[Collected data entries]
- Opening Delimiter -

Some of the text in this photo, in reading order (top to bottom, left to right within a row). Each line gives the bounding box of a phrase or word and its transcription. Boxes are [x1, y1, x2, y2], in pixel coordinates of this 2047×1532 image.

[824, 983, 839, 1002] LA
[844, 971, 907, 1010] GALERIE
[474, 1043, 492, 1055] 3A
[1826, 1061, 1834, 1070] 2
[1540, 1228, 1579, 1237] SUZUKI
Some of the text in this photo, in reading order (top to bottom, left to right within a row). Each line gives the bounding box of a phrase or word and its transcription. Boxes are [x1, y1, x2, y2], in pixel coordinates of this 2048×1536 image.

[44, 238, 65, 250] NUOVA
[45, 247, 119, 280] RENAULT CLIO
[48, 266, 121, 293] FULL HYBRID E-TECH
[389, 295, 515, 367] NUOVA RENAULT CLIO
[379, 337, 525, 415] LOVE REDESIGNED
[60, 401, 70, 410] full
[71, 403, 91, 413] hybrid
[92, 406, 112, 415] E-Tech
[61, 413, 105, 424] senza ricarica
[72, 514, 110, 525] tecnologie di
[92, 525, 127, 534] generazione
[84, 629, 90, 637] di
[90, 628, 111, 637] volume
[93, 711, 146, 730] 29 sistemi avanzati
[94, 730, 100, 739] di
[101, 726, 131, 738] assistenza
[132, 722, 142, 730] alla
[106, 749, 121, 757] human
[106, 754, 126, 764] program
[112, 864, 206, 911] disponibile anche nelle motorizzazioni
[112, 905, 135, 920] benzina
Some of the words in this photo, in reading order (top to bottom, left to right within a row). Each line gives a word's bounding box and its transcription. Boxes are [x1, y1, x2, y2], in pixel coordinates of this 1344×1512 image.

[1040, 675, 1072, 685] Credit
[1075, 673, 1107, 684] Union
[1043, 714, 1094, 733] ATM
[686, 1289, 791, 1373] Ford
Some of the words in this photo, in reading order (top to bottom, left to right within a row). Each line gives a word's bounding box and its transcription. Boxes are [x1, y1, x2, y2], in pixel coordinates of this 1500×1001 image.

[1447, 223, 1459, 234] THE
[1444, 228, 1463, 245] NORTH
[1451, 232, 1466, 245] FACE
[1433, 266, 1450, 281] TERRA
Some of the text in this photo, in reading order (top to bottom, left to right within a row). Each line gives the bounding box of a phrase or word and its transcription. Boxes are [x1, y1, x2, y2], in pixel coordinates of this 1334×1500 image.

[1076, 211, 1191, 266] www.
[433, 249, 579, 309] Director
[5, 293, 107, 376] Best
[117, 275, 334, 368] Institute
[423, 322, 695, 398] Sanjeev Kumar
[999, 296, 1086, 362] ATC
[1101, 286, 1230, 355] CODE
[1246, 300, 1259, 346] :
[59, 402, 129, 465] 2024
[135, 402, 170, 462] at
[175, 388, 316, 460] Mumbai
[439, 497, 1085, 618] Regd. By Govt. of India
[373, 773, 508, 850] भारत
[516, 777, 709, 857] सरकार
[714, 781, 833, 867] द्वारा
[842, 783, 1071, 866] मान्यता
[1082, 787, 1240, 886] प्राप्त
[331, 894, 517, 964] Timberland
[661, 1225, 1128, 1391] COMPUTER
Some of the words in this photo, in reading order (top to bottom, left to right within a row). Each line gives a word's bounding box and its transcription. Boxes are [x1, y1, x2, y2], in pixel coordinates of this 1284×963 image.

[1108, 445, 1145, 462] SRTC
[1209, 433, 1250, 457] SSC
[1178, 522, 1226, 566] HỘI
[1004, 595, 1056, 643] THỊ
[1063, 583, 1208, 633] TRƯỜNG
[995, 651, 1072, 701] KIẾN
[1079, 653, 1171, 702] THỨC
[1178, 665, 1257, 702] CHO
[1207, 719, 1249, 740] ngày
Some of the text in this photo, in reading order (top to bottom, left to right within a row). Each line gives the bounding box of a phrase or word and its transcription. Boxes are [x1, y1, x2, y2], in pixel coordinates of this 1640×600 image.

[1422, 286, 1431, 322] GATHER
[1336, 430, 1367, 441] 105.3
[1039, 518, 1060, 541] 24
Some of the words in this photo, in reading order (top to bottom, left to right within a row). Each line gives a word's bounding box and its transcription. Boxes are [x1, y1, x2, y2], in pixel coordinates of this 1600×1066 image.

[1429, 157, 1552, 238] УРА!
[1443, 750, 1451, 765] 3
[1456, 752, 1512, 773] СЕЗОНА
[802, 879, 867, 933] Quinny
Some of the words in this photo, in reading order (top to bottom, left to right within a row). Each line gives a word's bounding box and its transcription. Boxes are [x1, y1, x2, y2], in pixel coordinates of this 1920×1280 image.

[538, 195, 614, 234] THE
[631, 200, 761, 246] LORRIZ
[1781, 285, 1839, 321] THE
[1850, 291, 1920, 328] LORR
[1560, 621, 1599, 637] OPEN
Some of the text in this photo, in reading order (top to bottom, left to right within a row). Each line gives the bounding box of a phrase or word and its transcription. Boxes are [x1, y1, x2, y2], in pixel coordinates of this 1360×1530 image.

- Closing Delimiter -

• Exercise instructions:
Restate the entries. Match them exactly.

• Response to this exercise:
Some of the text in this photo, in reading order (top to bottom, left to right within a row). Each line gives the bounding box of a phrase or word and its transcription. Boxes are [x1, y1, x2, y2], in pixel coordinates of this 2047×1532 image.

[824, 983, 839, 1002] LA
[844, 971, 907, 1010] GALERIE
[474, 1043, 492, 1055] 3A
[1826, 1061, 1834, 1070] 2
[1540, 1228, 1579, 1237] SUZUKI
Some of the text in this photo, in reading order (top to bottom, left to right within a row). Each line gives the bounding box of a phrase or word and its transcription. Boxes are [x1, y1, x2, y2], in pixel coordinates of this 2048×1536 image.

[44, 238, 65, 250] NUOVA
[45, 247, 119, 280] RENAULT CLIO
[48, 266, 121, 293] FULL HYBRID E-TECH
[389, 295, 515, 367] NUOVA RENAULT CLIO
[379, 337, 525, 415] LOVE REDESIGNED
[60, 401, 70, 410] full
[71, 403, 91, 413] hybrid
[92, 406, 112, 415] E-Tech
[61, 413, 105, 424] senza ricarica
[72, 514, 110, 525] tecnologie di
[92, 525, 127, 534] generazione
[84, 629, 90, 637] di
[90, 628, 111, 637] volume
[93, 711, 146, 730] 29 sistemi avanzati
[94, 730, 100, 739] di
[101, 726, 131, 738] assistenza
[132, 722, 142, 730] alla
[106, 749, 121, 757] human
[106, 754, 126, 764] program
[112, 864, 206, 911] disponibile anche nelle motorizzazioni
[112, 905, 135, 920] benzina
Some of the words in this photo, in reading order (top to bottom, left to right within a row). Each line gives a word's bounding box and its transcription. Boxes are [x1, y1, x2, y2], in pixel coordinates of this 1344×1512 image.

[1040, 675, 1072, 685] Credit
[1075, 673, 1107, 684] Union
[1043, 714, 1094, 733] ATM
[686, 1289, 791, 1373] Ford
Some of the words in this photo, in reading order (top to bottom, left to right within a row). Each line gives a word's bounding box and its transcription. Boxes are [x1, y1, x2, y2], in pixel coordinates of this 1500×1001 image.

[1447, 223, 1459, 234] THE
[1444, 228, 1463, 245] NORTH
[1451, 232, 1466, 245] FACE
[1433, 266, 1450, 281] TERRA
Some of the text in this photo, in reading order (top to bottom, left to right within a row). Each line gives the bounding box of a phrase or word and its transcription. Boxes are [x1, y1, x2, y2], in pixel coordinates of this 1334×1500 image.

[1076, 211, 1191, 266] www.
[433, 249, 579, 309] Director
[5, 293, 107, 376] Best
[117, 275, 334, 368] Institute
[423, 322, 695, 398] Sanjeev Kumar
[999, 296, 1086, 362] ATC
[1101, 286, 1230, 355] CODE
[1246, 300, 1259, 346] :
[59, 402, 129, 465] 2024
[135, 402, 170, 462] at
[175, 388, 316, 460] Mumbai
[439, 497, 1085, 618] Regd. By Govt. of India
[373, 773, 508, 850] भारत
[516, 777, 709, 857] सरकार
[714, 781, 833, 867] द्वारा
[842, 783, 1071, 866] मान्यता
[1082, 787, 1240, 886] प्राप्त
[331, 894, 517, 964] Timberland
[661, 1225, 1128, 1391] COMPUTER
Some of the words in this photo, in reading order (top to bottom, left to right within a row). Each line gives a word's bounding box and its transcription. Boxes are [x1, y1, x2, y2], in pixel coordinates of this 1284×963 image.

[1108, 445, 1145, 462] SRTC
[1209, 433, 1250, 457] SSC
[1178, 522, 1226, 566] HỘI
[1004, 595, 1056, 643] THỊ
[1063, 583, 1208, 633] TRƯỜNG
[995, 651, 1072, 701] KIẾN
[1079, 653, 1171, 702] THỨC
[1178, 665, 1257, 702] CHO
[1207, 719, 1249, 740] ngày
Some of the text in this photo, in reading order (top to bottom, left to right within a row). Each line gives the bounding box of a phrase or word and its transcription. Boxes are [x1, y1, x2, y2], in pixel coordinates of this 1640×600 image.

[1422, 286, 1431, 322] GATHER
[1336, 430, 1367, 441] 105.3
[1039, 518, 1060, 541] 24
Some of the words in this photo, in reading order (top to bottom, left to right within a row). Each line gives a word's bounding box and its transcription. Boxes are [x1, y1, x2, y2], in pixel coordinates of this 1600×1066 image.

[1429, 157, 1552, 238] УРА!
[1443, 750, 1451, 765] 3
[1456, 752, 1512, 773] СЕЗОНА
[802, 879, 867, 933] Quinny
Some of the words in this photo, in reading order (top to bottom, left to right within a row). Each line gives a word's bounding box and its transcription. Boxes are [x1, y1, x2, y2], in pixel coordinates of this 1920×1280 image.

[538, 195, 614, 234] THE
[631, 200, 761, 246] LORRIZ
[1781, 285, 1839, 321] THE
[1850, 291, 1920, 328] LORR
[1560, 621, 1599, 637] OPEN
Some of the text in this photo, in reading order (top to bottom, left to right within a row). Each line gives the bounding box of a phrase or word and its transcription. Boxes are [x1, y1, x2, y2], in pixel coordinates of this 1360×1530 image.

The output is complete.